- EXERCISE DETAILS
Everything in the records below except the pictures must be written out exactly.

(Beginning of THE RECORDS)

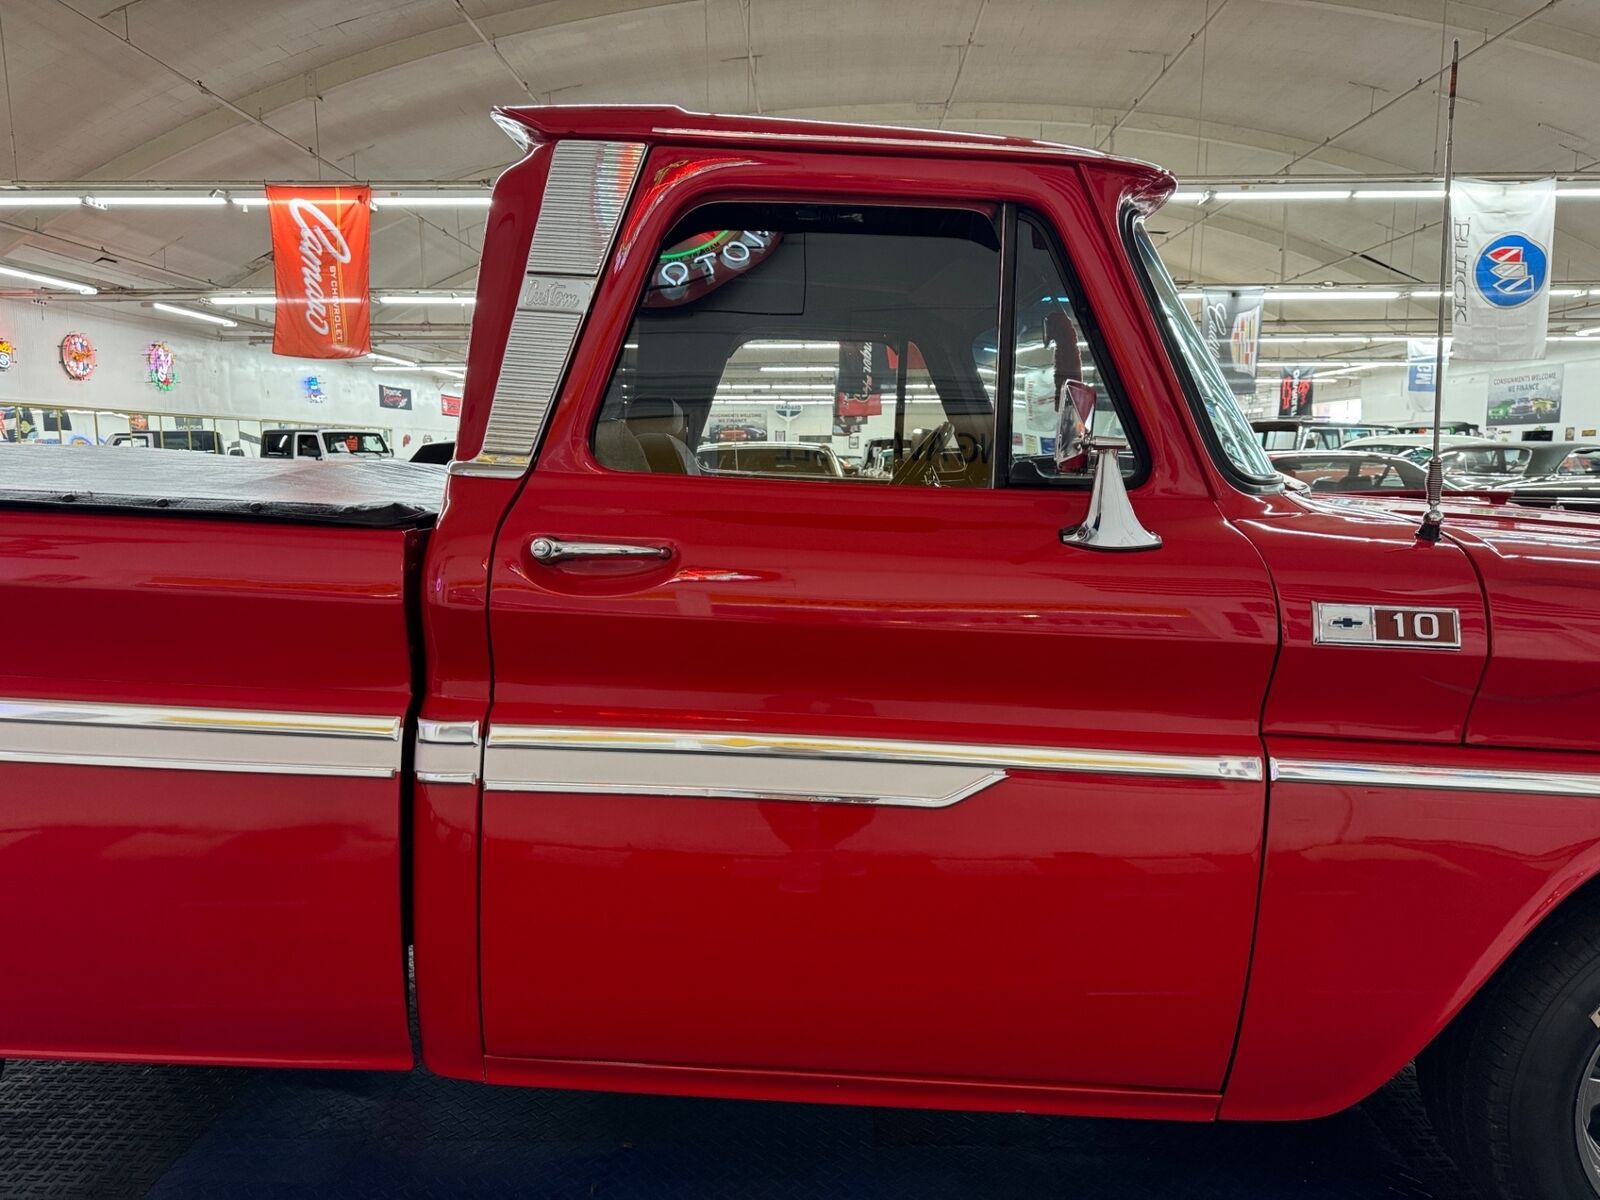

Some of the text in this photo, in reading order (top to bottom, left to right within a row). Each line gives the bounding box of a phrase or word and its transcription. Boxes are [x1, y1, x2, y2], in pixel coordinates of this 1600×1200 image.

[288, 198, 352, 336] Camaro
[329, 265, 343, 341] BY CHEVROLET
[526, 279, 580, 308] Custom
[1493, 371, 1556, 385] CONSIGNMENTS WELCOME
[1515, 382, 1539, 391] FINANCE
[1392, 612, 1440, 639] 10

(End of THE RECORDS)

- OUTPUT
Some of the text in this photo, in reading order (top to bottom, left to right within a row). Each line gives the bounding box of a phrase or word and its transcription. Boxes are [x1, y1, x2, y2], in pixel coordinates of this 1600×1200 image.

[288, 198, 352, 336] Camaro
[329, 265, 343, 341] BY CHEVROLET
[526, 279, 580, 308] Custom
[1493, 371, 1556, 385] CONSIGNMENTS WELCOME
[1515, 382, 1539, 391] FINANCE
[1392, 612, 1440, 639] 10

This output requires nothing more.